◆ What to work on
Copy the records below exactly, but leave out any picture they contain.

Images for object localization
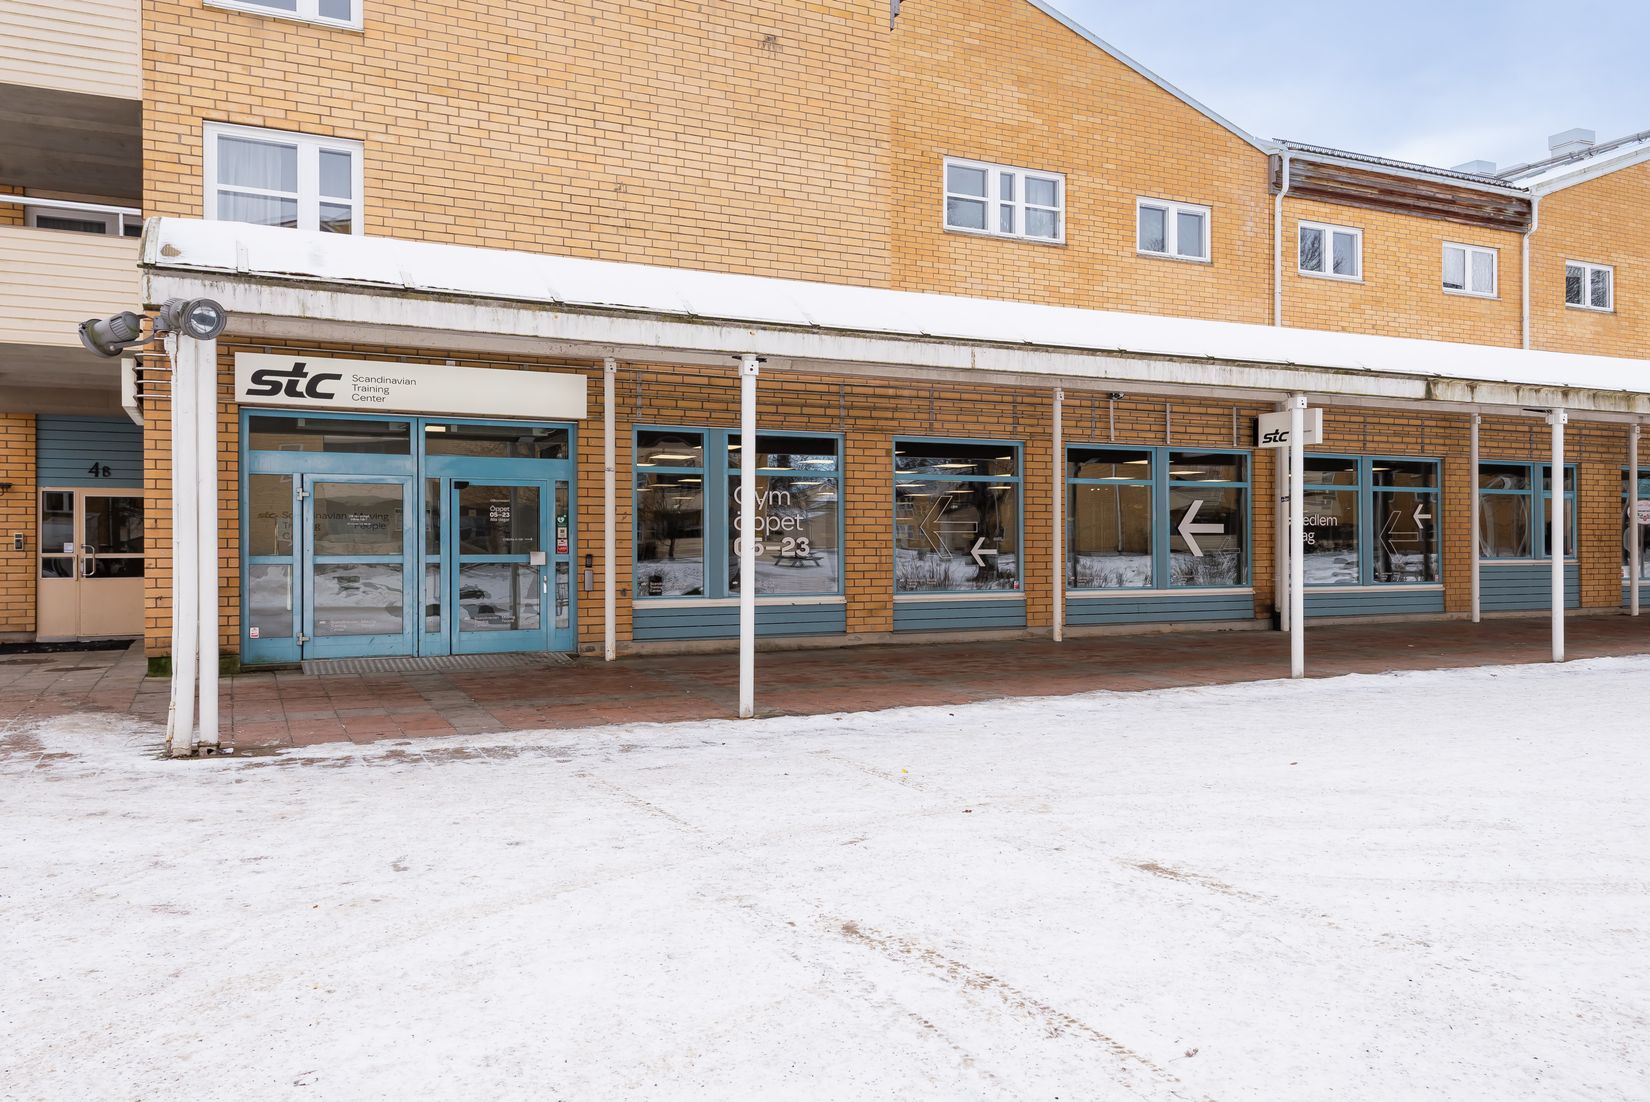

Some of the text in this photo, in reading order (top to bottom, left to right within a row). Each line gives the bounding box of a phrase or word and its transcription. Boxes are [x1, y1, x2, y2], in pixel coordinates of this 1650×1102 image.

[245, 361, 343, 400] stc
[351, 374, 417, 386] Scandinavian
[351, 384, 390, 396] Training
[351, 394, 386, 403] Center
[1262, 429, 1290, 444] stc

◆ Result for this exercise
Some of the text in this photo, in reading order (top to bottom, left to right within a row). Each line gives the bounding box of a phrase or word and its transcription. Boxes are [x1, y1, x2, y2], in pixel coordinates of this 1650×1102 image.

[245, 361, 343, 400] stc
[351, 374, 417, 386] Scandinavian
[351, 384, 390, 396] Training
[351, 394, 386, 403] Center
[1262, 429, 1290, 444] stc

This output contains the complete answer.